In an opinion issued Monday, June 26, 2017, the U.S. Supreme Court reviewed the decisions of two federal appeals courts that blocked President Trump’s revised executive order. The revised order sought to temporarily block entry of foreign nationals from six designated countries (Iran, Yemen, Sudan, Syria, Somalia and Syria), and suspend the refugee program for 120 days.
The Court allowed the travel ban to go into partial effect “with respect to foreign nationals who lack any bona fide relationship with a person or entity in the United States…” , starting Thursday July 29 and continuing for 90 days.
This means that foreign nationals with a valid visa, and who can demonstrate a bona fide family relationship, or those who can demonstrate a bona fide relationship to an entity in the United States, will still be admitted to the United States.
Foreign nationals from the listed countries who have visas for work and study, and can demonstrate a relationship that is “formal, documented, and formed in the ordinary course, rather than for the purpose of evading” the travel ban, can be admitted to the U.S. Specific examples given by the court include; students who have been admitted to an American university, workers who have accepted an offer of employment in the U.S., and a lecturer invited to address an American audience.
Foreign nationals who are able to demonstrate a “close familial relationship” to someone in the United States and wish to seek entry in order “to live with or visit a family member” would also not be subject to the ban.

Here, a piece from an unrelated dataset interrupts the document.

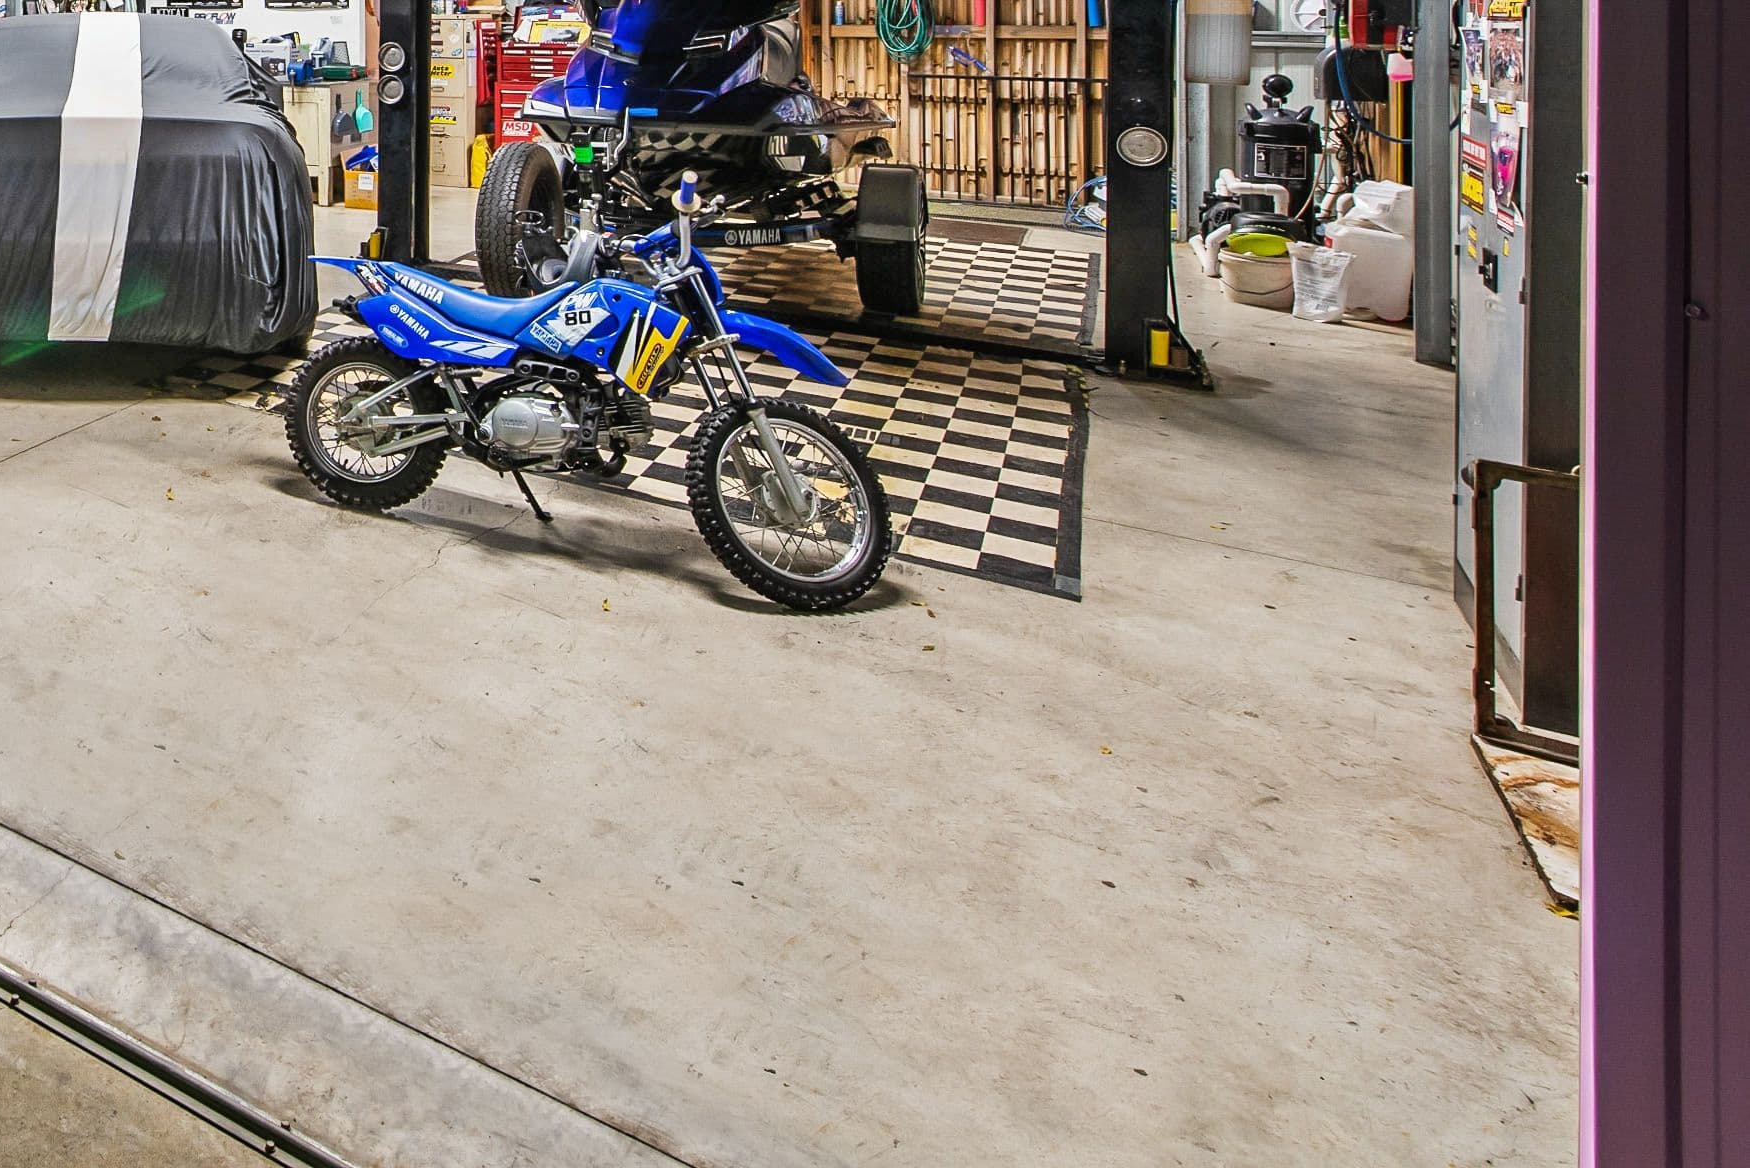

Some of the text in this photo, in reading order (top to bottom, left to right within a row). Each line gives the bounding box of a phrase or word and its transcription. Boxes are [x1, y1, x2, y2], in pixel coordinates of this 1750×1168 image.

The Court also allowed President Trump’s temporary suspension of the refugee program, but only for individuals unable to “credibly claim a bona fide relationship with a person or entity in the United States.”
The Court consolidated both cases, and will hear arguments in October when it is back in session.
FSVS strongly advises nationals of the listed countries who are currently in the U.S. to speak with an immigration attorney before travelling outside the U.S., in order to thoroughly assess their risks and options.